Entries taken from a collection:
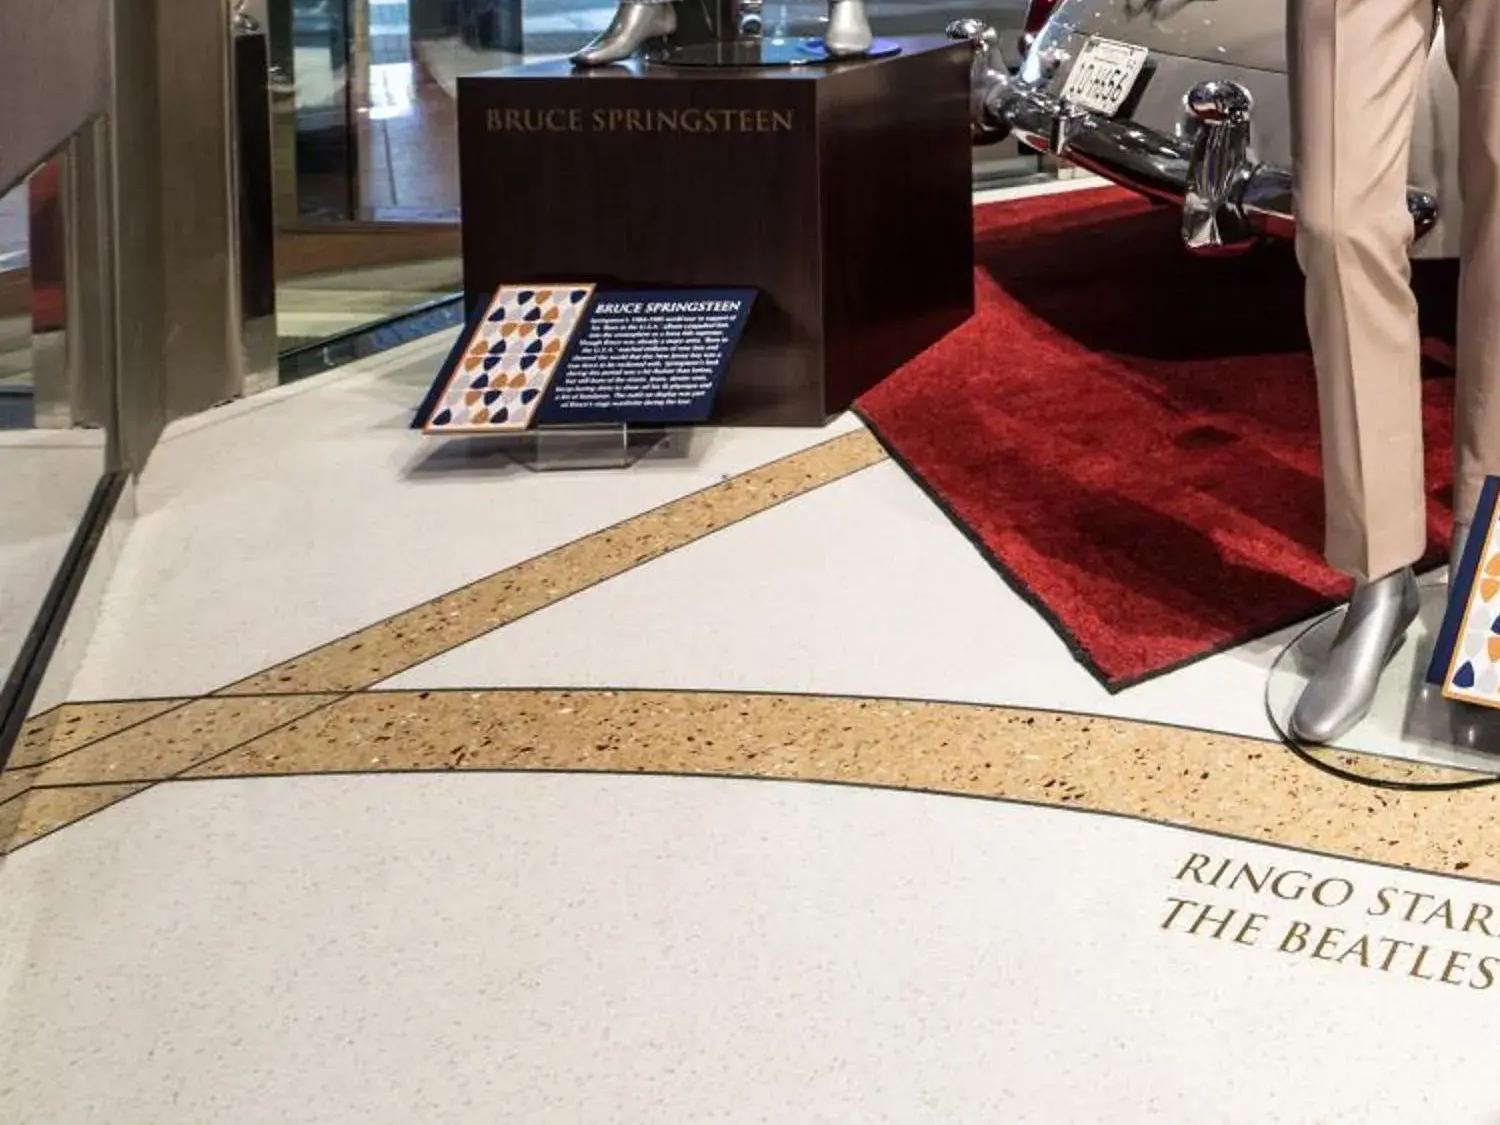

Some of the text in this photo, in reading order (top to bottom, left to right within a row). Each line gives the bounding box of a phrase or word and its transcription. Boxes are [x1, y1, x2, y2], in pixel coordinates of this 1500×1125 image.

[486, 108, 794, 132] BRUCE SPRINGSTEEN
[595, 300, 742, 314] BRUCE SPRINGSTEEN
[1174, 852, 1355, 907] RINGO
[1160, 897, 1268, 946] THE

WHAT THE TASK REQUIRES: Print every entry verbatim and leave all pictures out.

ANSWER SPACE:
Some of the text in this photo, in reading order (top to bottom, left to right within a row). Each line gives the bounding box of a phrase or word and its transcription. Boxes are [x1, y1, x2, y2], in pixel coordinates of this 1500×1125 image.

[486, 108, 794, 132] BRUCE SPRINGSTEEN
[595, 300, 742, 314] BRUCE SPRINGSTEEN
[1174, 852, 1355, 907] RINGO
[1160, 897, 1268, 946] THE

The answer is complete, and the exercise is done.